Last Wednesday, Federal Reserve Chairman Jerome Powell said he wanted to speak directly to Americans and began by saying:
"Inflation is much too high and we understand the hardship it is causing, and we’re moving expeditiously to bring it back down. We have both the tools we need and the resolve it will take to restore price stability on behalf of American families and businesses."
He then pivoted into talking about the jobs market and growth before circling back to inflation to say that disruptions to supply have
been larger and longer lasting than anticipated, and price pressures have spread to a broader
range of goods and services.
That's not what the market needed.
The Fed Chair's main job is to set interest rates but closely behind that is instilling confidence.
What the public and the market needed to hear was that prices are going to come down. He needed to deliver bold leadership, if not a bit of swagger. That's what he was able to do at the peak of the pandemic crisis.

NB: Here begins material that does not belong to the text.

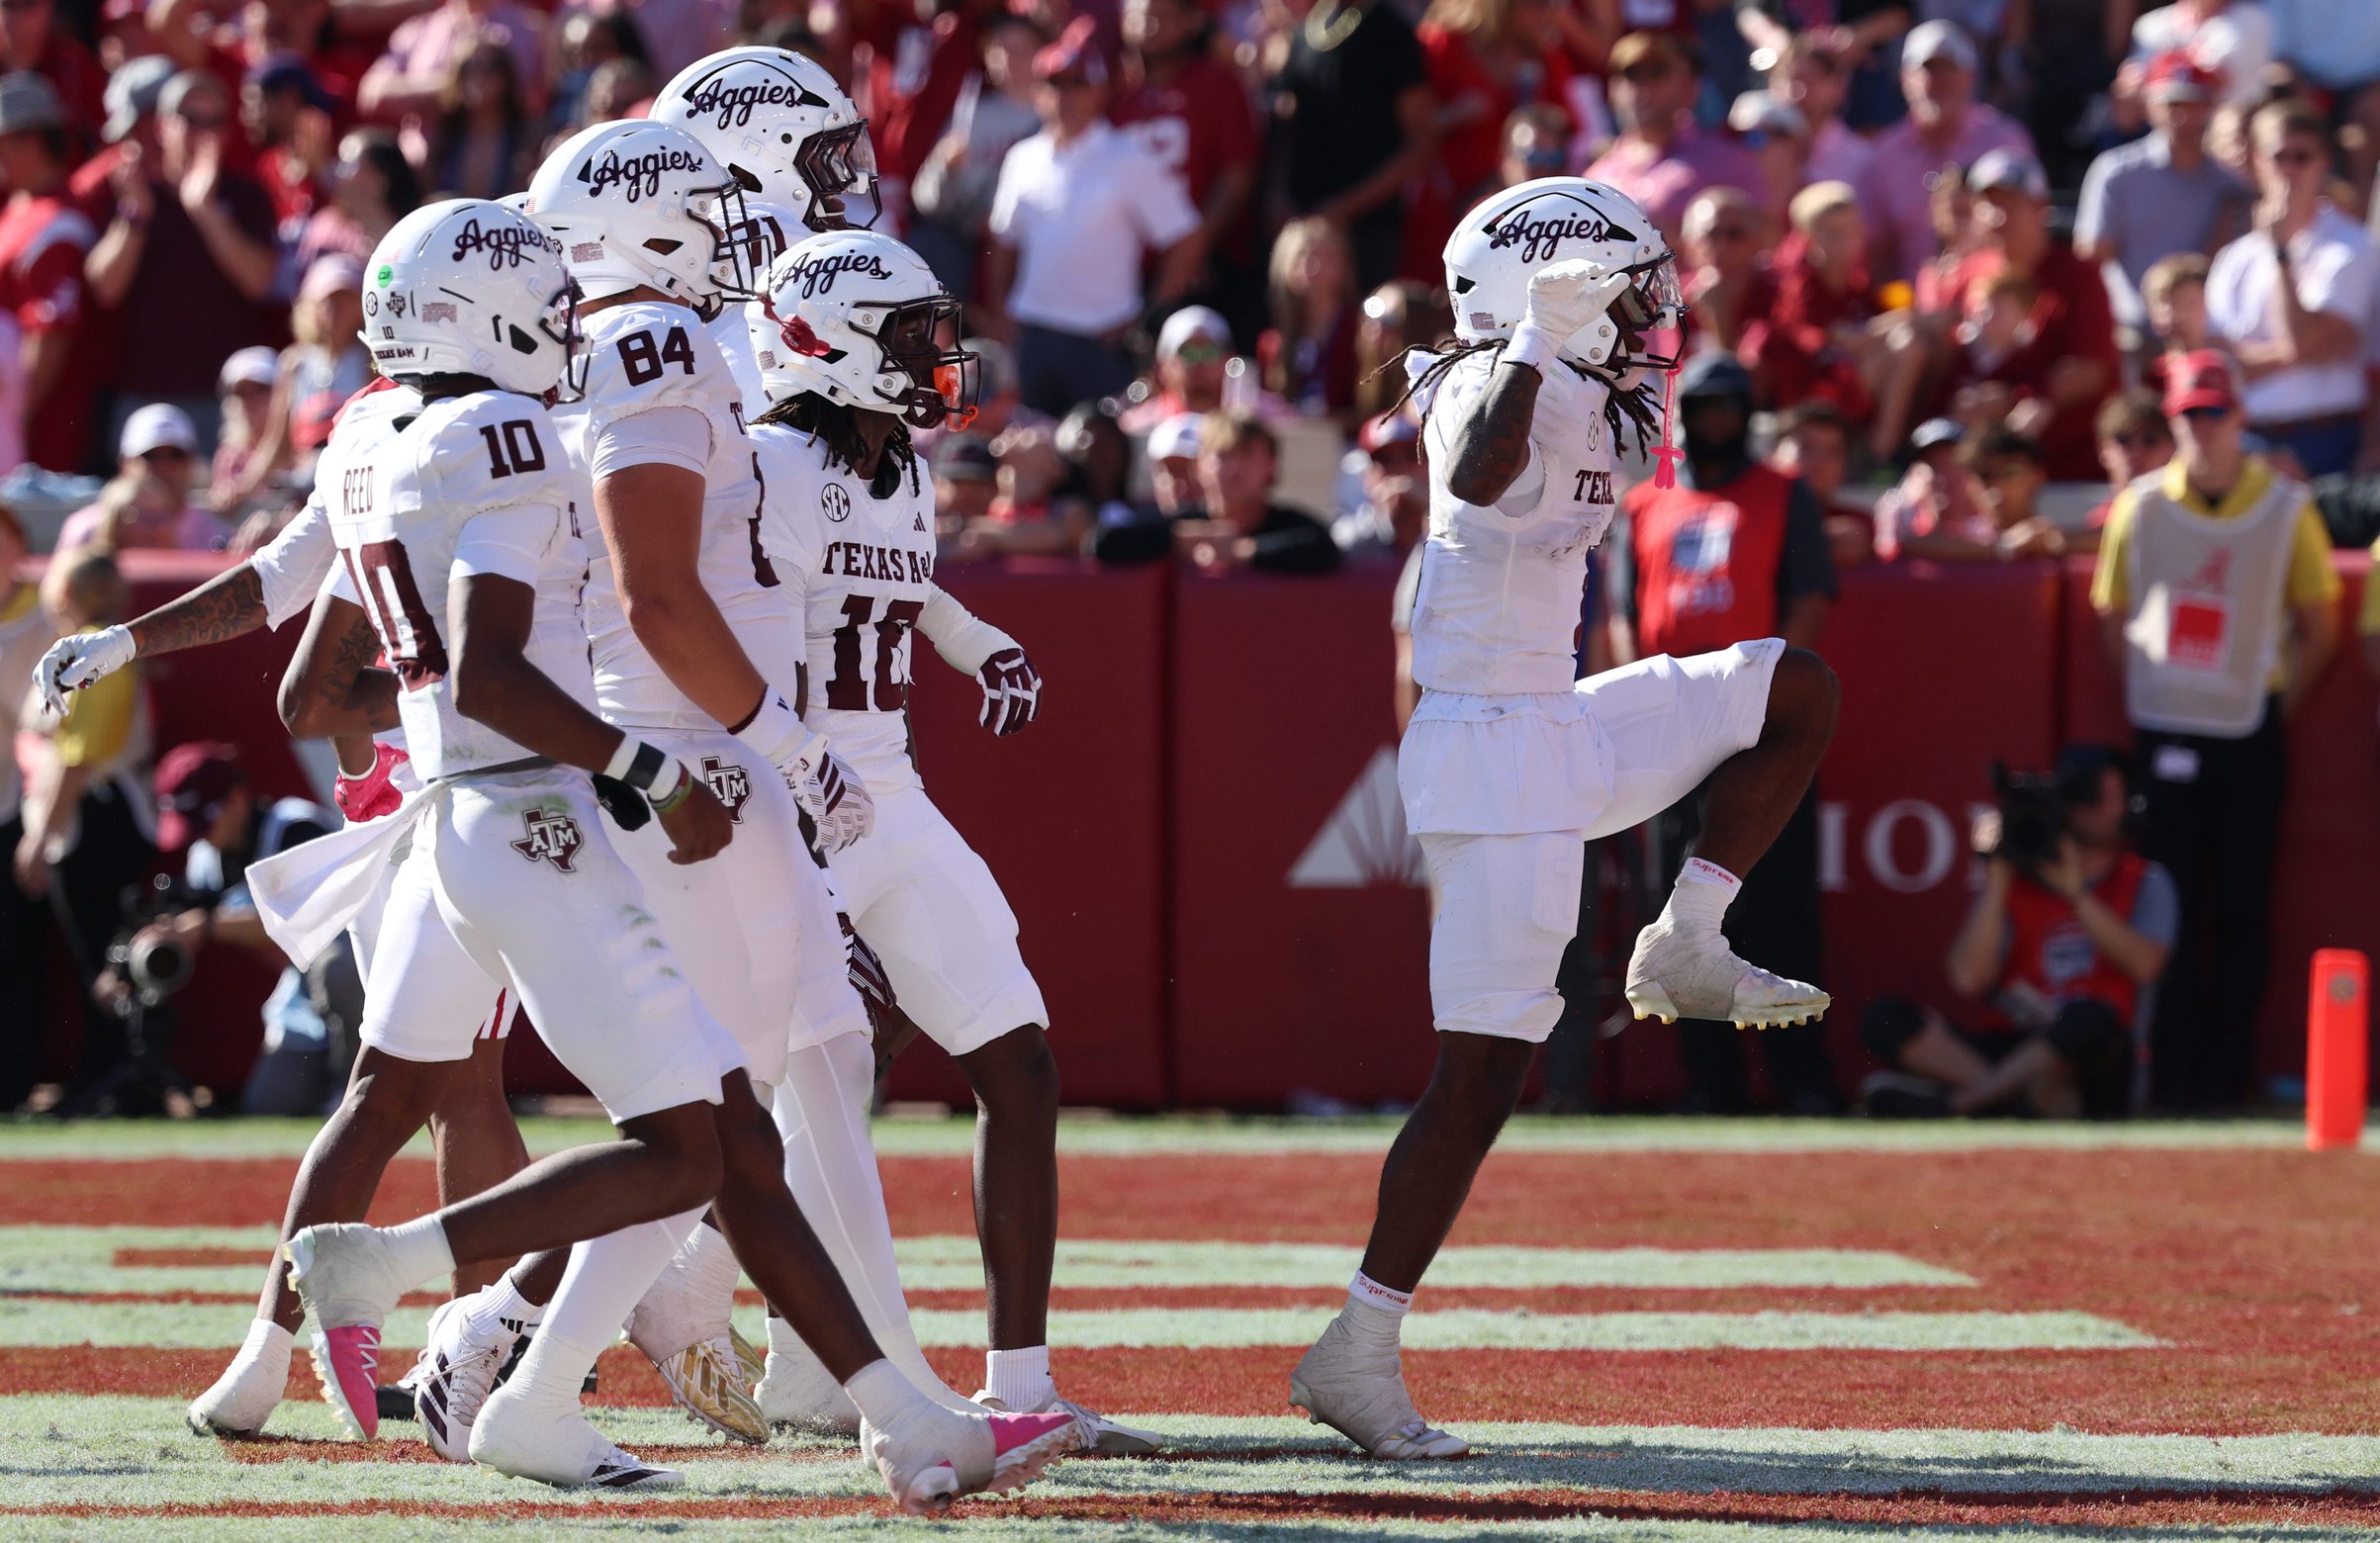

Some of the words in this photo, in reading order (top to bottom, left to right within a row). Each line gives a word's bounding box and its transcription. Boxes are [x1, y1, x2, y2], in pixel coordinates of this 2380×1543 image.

Instead, this time we have a Fed that's still licking its wounds from bad inflation forecasts and speaking apologetically. No one knows what's coming next but Americans want to feel like someone else does. They want a confident-sounding professional at the microphone telling them not to worry.
"The rate of inflation will be falling imminently, we have no doubt," he could have said. Then went on to craft a narrative of why prices will stop rising. "Don't worry" needed to be the message.
He should have combined that with a lecture on why rates don't need to go excessively high to achieve that. Arguing that a flattening of prices is already in the pipeline.
What about China?
He can't control China but he could have used the press conference to urge China to open ports, offering a reminder that China is a partner and chief beneficiary of globalization. And that it has a responsibility to ensure the global supply chain if it wants to be a part of it.
Ultimately, that kind of performance might have come to haunt him six months from now. But so what? This is the hand he's been played. If he can't instill confidence or get it right, then resign. The institution is more important than the man.
At some point in the very near future, Powell needs to push his chips in. He's the only person who can restore confidence in longer-term inflation expectations and the underlying economy. He needs to follow up this wimpy effort with something much more powerful.